After 2.5 years of assembly
curation, the GRC is proud to present the new zebrafish reference genome
assembly, GRCz11.
This latest assembly has
been refined by the addition of nearly 1000 finished clone sequences and by
the resolution of more than 400 assembly issues. This resulted in a significant
reduction in scaffold numbers (3399 to 1905) and increase in scaffold N50 (2.18
Mb to 7.5 Mb) whilst the overall genome size was not affected.
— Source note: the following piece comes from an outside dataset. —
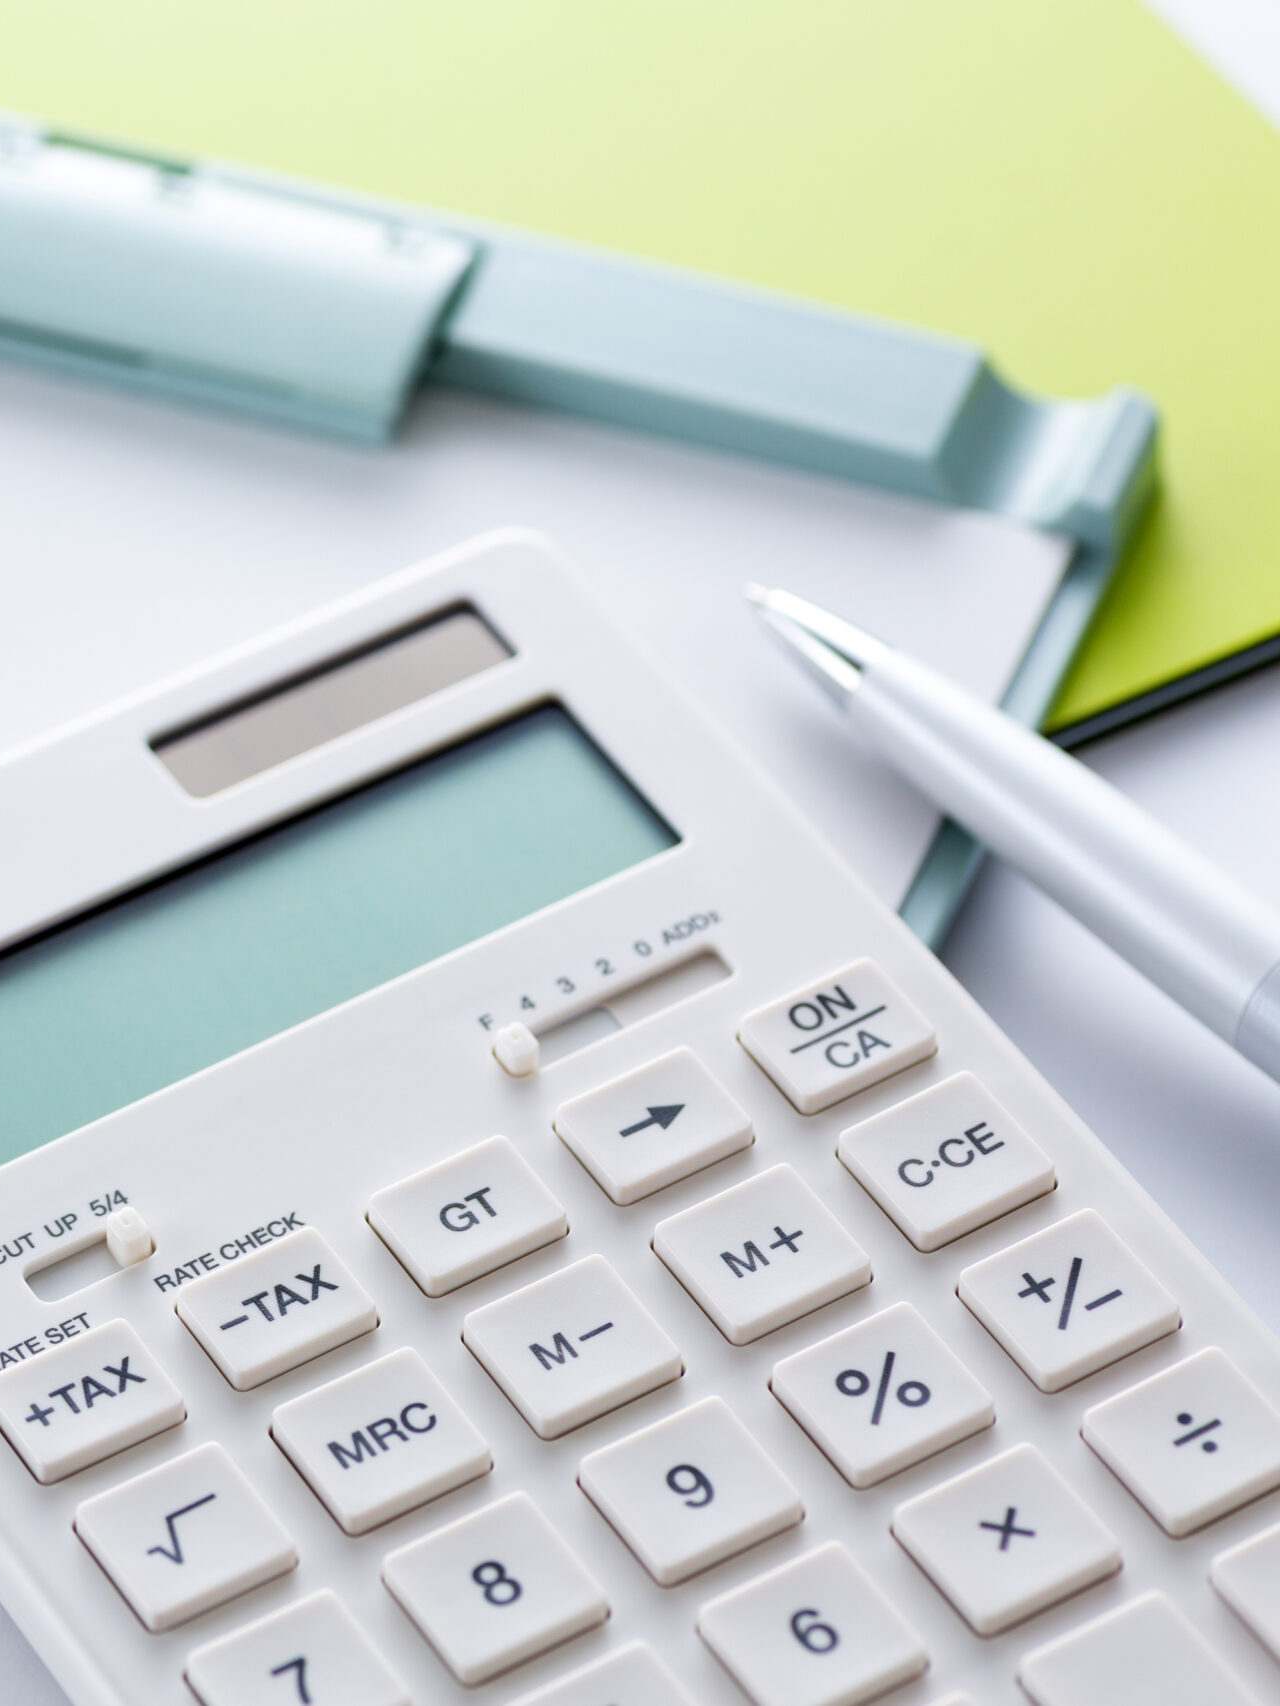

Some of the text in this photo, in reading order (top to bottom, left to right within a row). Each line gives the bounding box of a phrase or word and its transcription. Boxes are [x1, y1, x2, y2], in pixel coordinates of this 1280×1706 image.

Figure 1 shows an overview of contig and
scaffold N50s over time, indicating the advance in assembly curation.
Figure 1: Contig
vs. scaffold N50s for zebrafish reference genome assemblies. Release dates: Zv7:
2008, Zv8: 2009, Zv9: 2010, GRCz10: 2014, GRCz11: 2017.
Alignments of 16133 RefSeq
sequences showed a further improvement over past assemblies: only 31 sequences remained not
found (down from 34), 105 transcripts are still split between locations (down from 205) and only 441 exhibit less than 95% CDS coverage (down from 566). Figure 2
shows an example of an improved region, correcting the representation of two genes.
Figure 2:
gEVAL screenshot of the supt4h1 gene (red arrow) in GRCz10 (top) and GRCz11 (bottom). In
GRCz10 the supt4h1 gene on chromosome 5 is incomplete, missing its first exon,
and surrounded by a truncated supplicated copy of rnf150b (blue arrow). In GRCz11, the
supt4h1 gene is complete and neighbouring the hsf5 gene, as seen in other
vertebrates, whereas the rnf150b gene is now complete and located singularly on
chromosome 23. gEVAL, the GRC’s genome assembly evaluation browser, indicates
completeness of genes and other features via colours (green > 98% coverage,
yellow = 50-98% coverage, red < 50% coverage).
GRCz11 was built as
described previously using clone sequences ordered and oriented
according to genetic markers and BioNano data, the latter greatly influencing
the scaffolding. Remaining gaps were filled with selected contigs from whole genome sequencing assemblies, mainly WGS31, and in
a few cases, WGS32.
For the first time in a
zebrafish assembly, GRCz11 also features alternate loci scaffolds (ALT_REF_LOCI). The alternate loci represent
variant sequence representations for certain genomic regions. They were selected from a pool
of 1895 finished clones that were found to inhabit an assembly region already
occupied by clone sequence and were therefore not included in the primary chromosomal path.
All surplus clones that exhibited at least 5 kb of unique sequence not
present in the primary chromosomal path were added to the assembly as alternate loci scaffolds, totaling
186 Mb of additional sequence in 1150 clones. The alignments of the alternate loci scaffolds to the primary chromosomal path are also included in the GRCz11 assembly to provide the chromosome context for these alternate
sequences. The alternate loci will be represented in genome browsers in the same way as
human and mouse ALT_REF_LOCI. Additional smaller scale variation will be submitted
to dbSNP/dbVAR/EVA.
After release of this
assembly, within the GRC, the Sanger team is transferring the maintenance of
the zebrafish reference to the new GRC member ZFIN. ZFIN will take on the future
curation of the assembly, and invites user reports on assembly issues. Future
updates to the assembly will be issued as patch releases, adding sequence but
not impacting the chromosomal coordinates.